Plans to slash the number of portable polling stations for South Tyneside elections approved to improve disabled access - and save cash
South Tyneside Council launched a review of voting locations across the borough in response to new requirements of the Elections Act due to come into force this year.
This includes voters needing to show photographic identification, as well ‘private areas’ to check IDs.
Under the new requirements, returning officers also need to take “reasonable steps” to support disabled voters to vote independently and in secret.
Thursday’s (January 12) full meeting of South Tyneside Council agreed to remove around 17 portable polling stations and relocate them to other buildings and sites across the borough.
This would cut the number of portable polling stations from 23 to six, saving the local authority about £13,500.
The meeting heard the Election Act changes were being rolled out nationally and were already being publicised.
David Kennedy, an independent councillor, said voter identification would “cause a lot of problems for a lot of our residents” and raised concerns about some residents being turned away on polling day.
Cllr Kennedy asked if there would be any consideration given around letting residents vote without ID in some cases and educating them for the future, given it is the first year that the changes are being rolled out.
Cllr Joanne Bell, Labour’s cabinet member for governance, finance and corporate services, said the council was directed by Central Government legislation which would not permit such allowances.
However Cllr Bell stressed the “best way forward” would be for residents to switch to postal voting or apply for a certificate of identification from the council which would allow them to vote at a polling station without photo ID.
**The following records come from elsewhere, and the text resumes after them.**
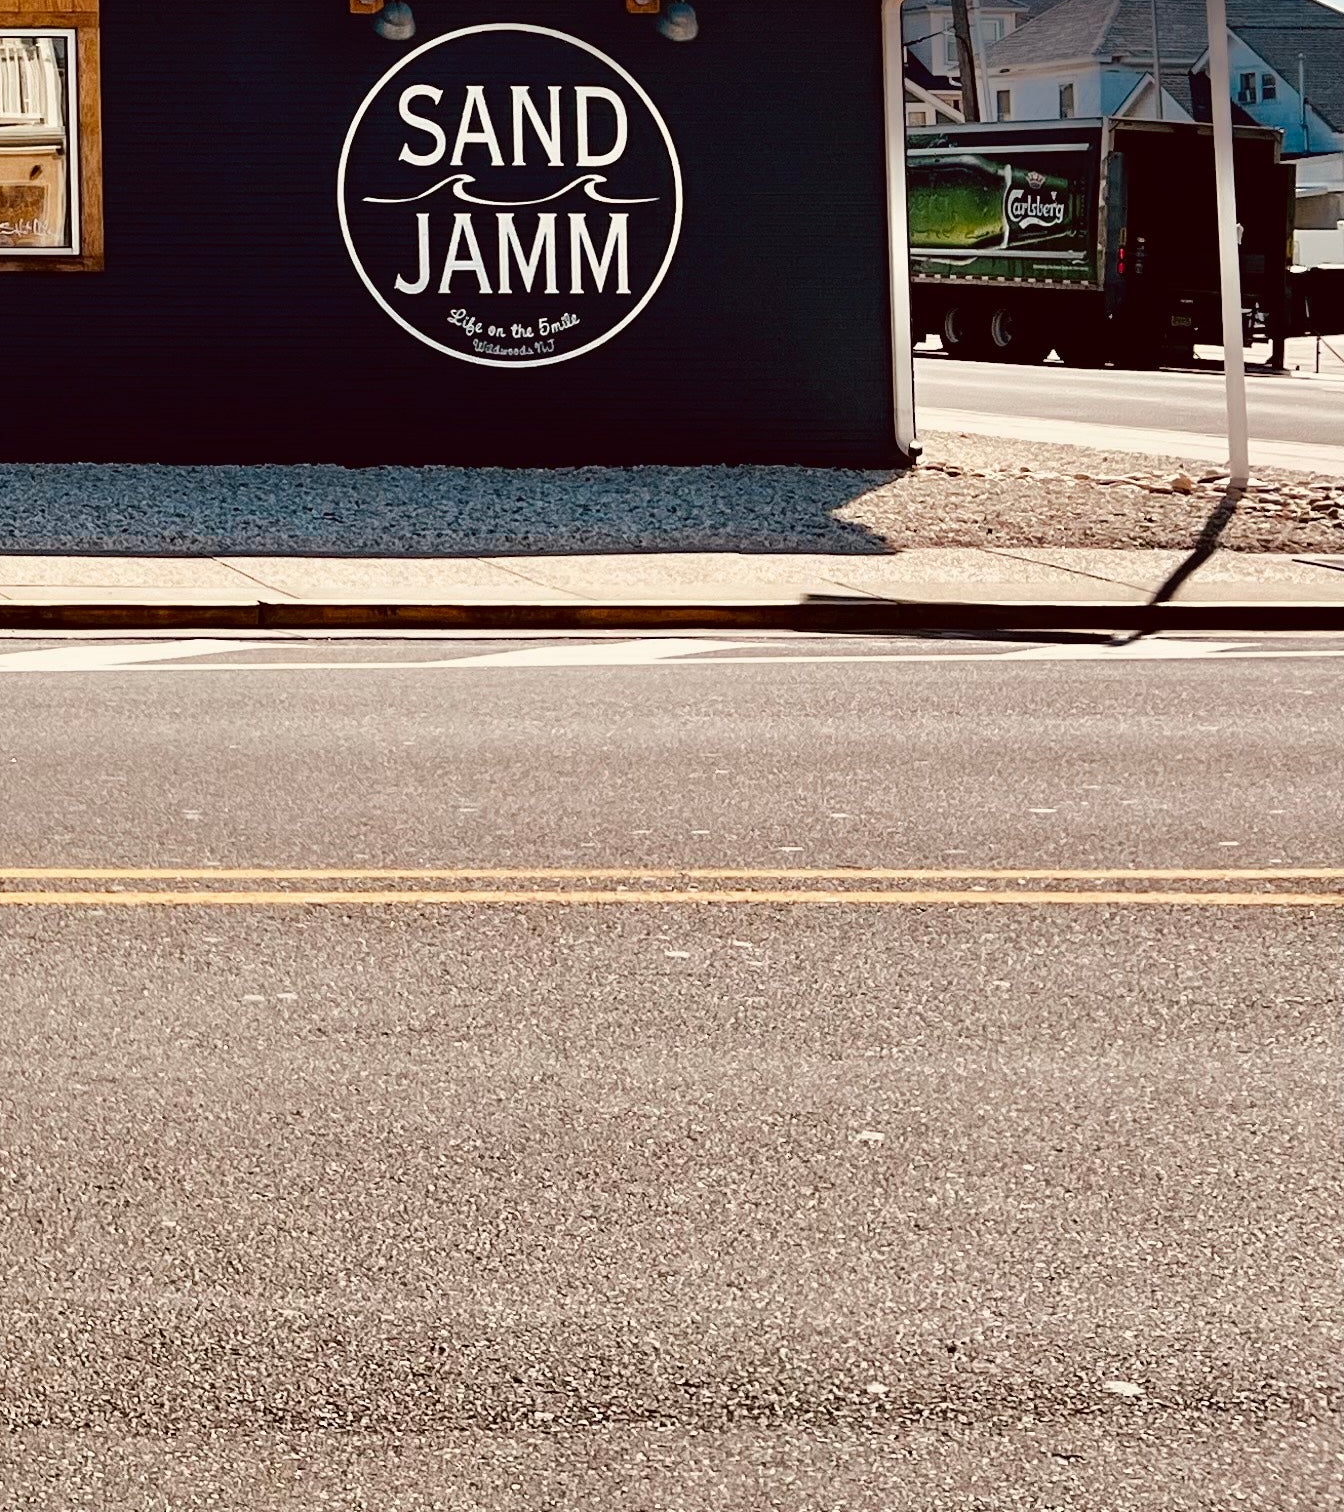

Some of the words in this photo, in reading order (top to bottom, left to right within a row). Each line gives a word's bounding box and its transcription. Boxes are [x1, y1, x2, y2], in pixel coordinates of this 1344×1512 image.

[398, 84, 628, 167] SAND
[1007, 189, 1064, 226] Carlsberg
[394, 212, 631, 294] JAMM
[447, 308, 483, 336] Life
[487, 325, 506, 338] on
[510, 323, 534, 338] the
[473, 338, 534, 356] Wildwoods
[534, 338, 555, 353] NJ
Cllr Joan Atkinson, the deputy leader of the council, outlined some of the reasons behind the recommendations to relocate polling stations to new venues, including providing suitable venues for those with a visual impairment or the need for wheelchair access, as well as avoiding closing schools as part of election proceedings.
Cllr David Francis, leader of the council’s opposition Green Party group, said the national Election Act changes on voter identification could be seen as “putting up barriers to people taking part in our democracy”.
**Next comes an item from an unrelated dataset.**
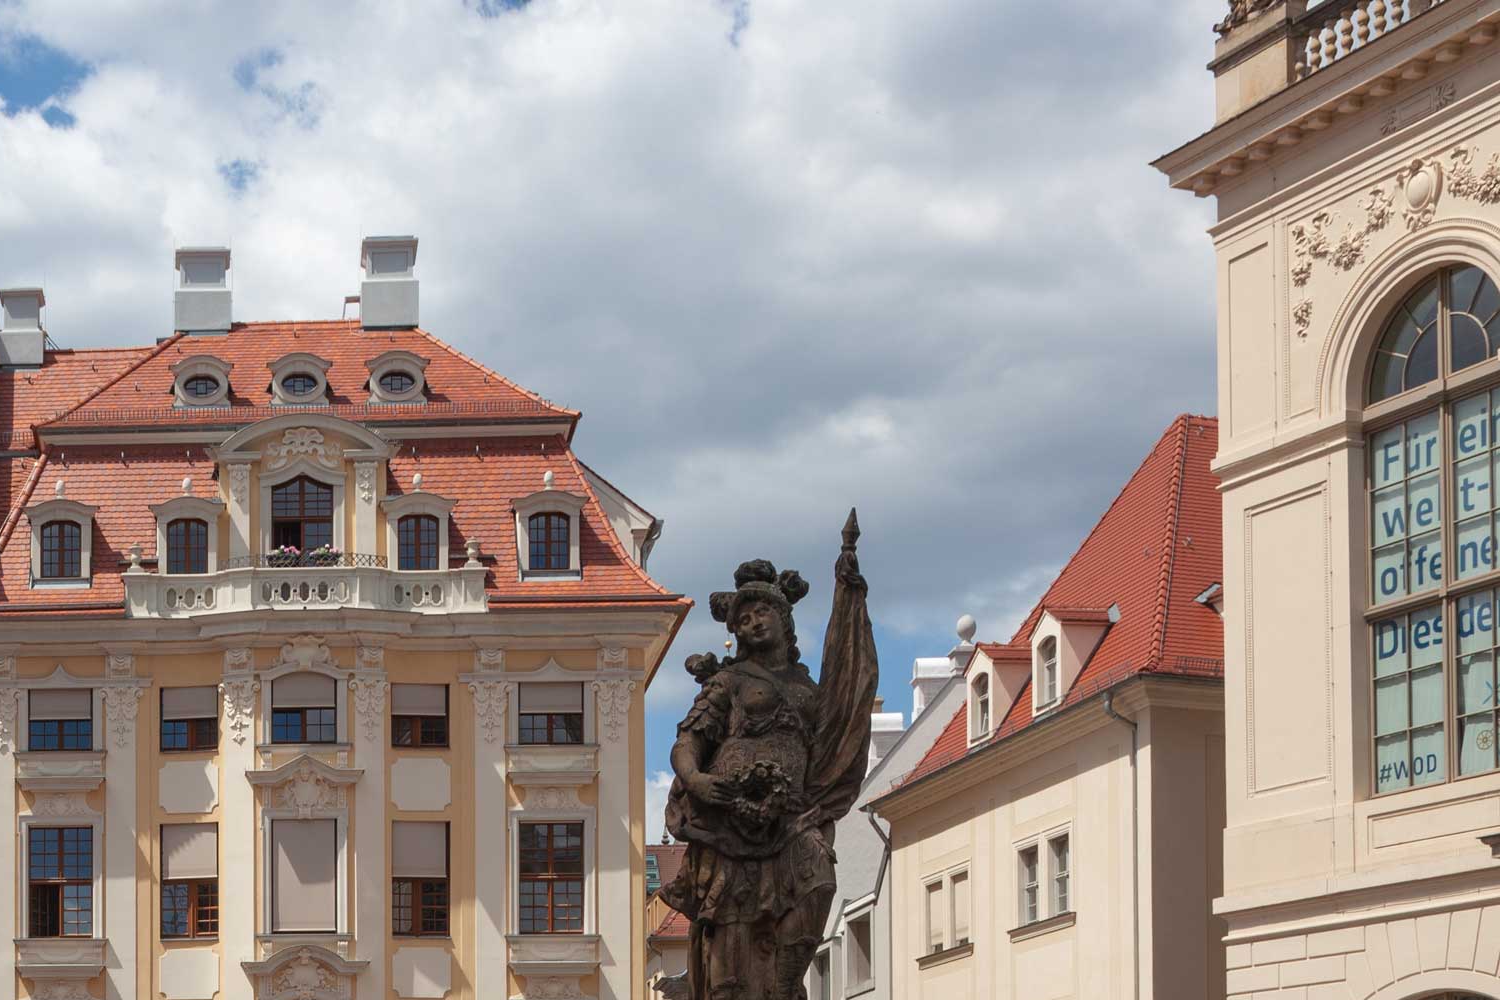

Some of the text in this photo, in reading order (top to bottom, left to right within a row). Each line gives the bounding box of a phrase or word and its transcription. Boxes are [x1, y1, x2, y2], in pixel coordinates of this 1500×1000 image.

[1382, 431, 1437, 482] Für
[1378, 597, 1500, 660] Dresde
[1379, 753, 1437, 784] #WOD
But he also welcomed South Tyneside Council’s local response to the legislation.
Cllr Francis added: “While we might see the legislation as a form of voter suppression with significant financial costs, I’m relatively satisfied that we’re responding to a very imperfect system in an appropriate way with these proposals”.
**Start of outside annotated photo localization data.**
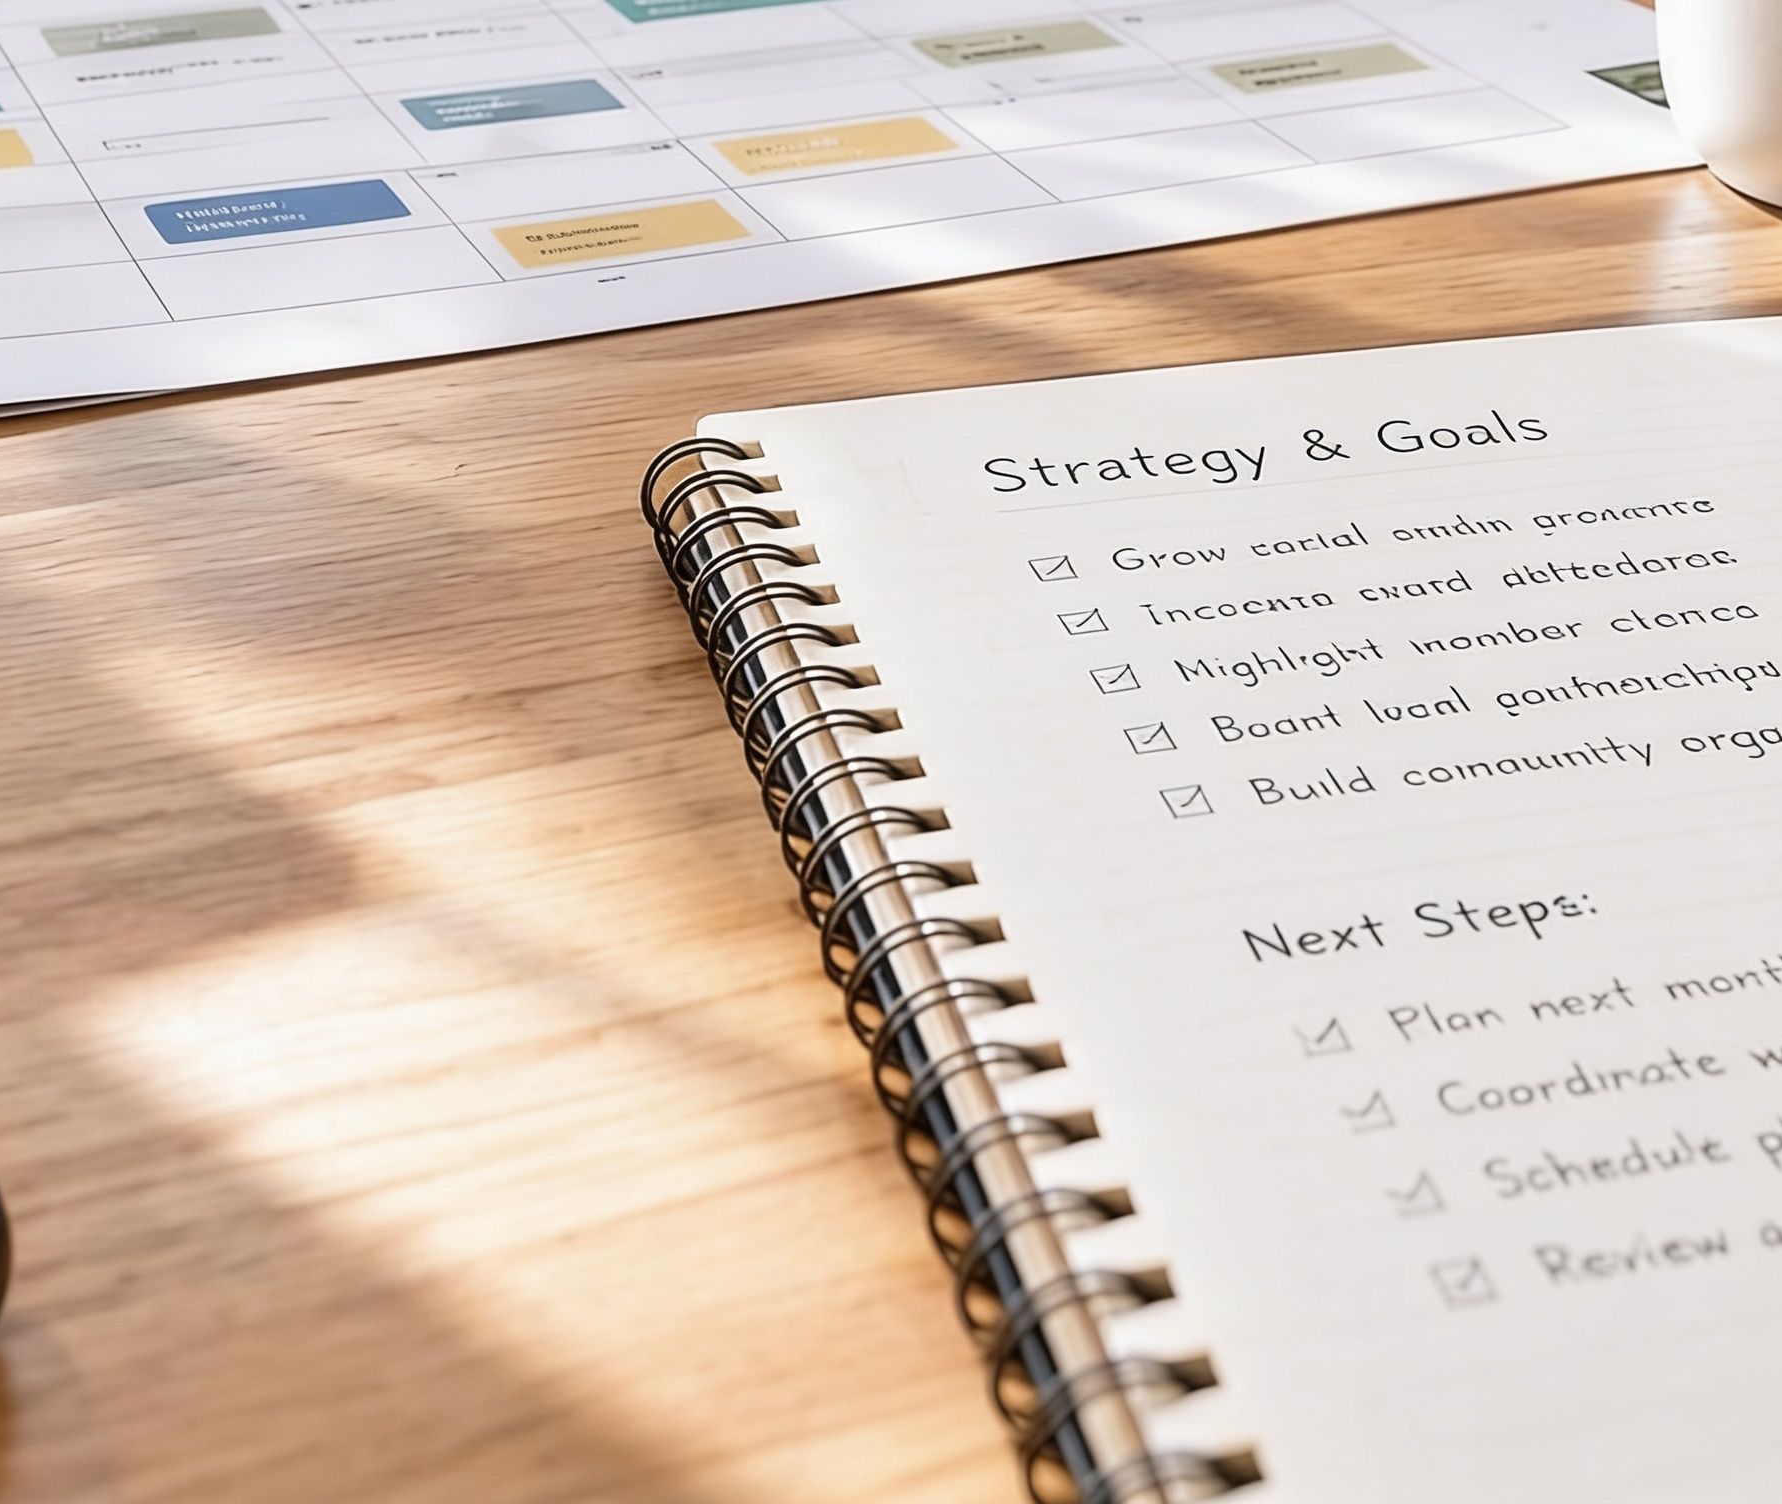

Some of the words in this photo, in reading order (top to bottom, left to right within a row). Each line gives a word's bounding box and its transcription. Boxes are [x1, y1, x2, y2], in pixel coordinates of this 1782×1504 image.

[985, 443, 1265, 492] Strategy
[1303, 430, 1351, 461] &
[1378, 410, 1547, 452] Goals
[1113, 548, 1225, 570] Grow
[1249, 766, 1376, 805] Build
[1242, 915, 1384, 962] Next
[1415, 894, 1596, 940] Steps:
[1388, 1003, 1503, 1041] Plan
[1530, 978, 1634, 1020] next
A report presented to full council said the portable polling station review ensured the council had taken “all reasonable steps to support disabled voters to vote independently”.
The council report added: “Where a new polling station is located further away than the current portable polling place this may increase the need for some voters to use a form of transport to reach their station as opposed to walking there.
“However, this will be offset by a reduction in the number of journeys needed to site and remove portable units, and by the reduction in the resources used to heat and light portable units.”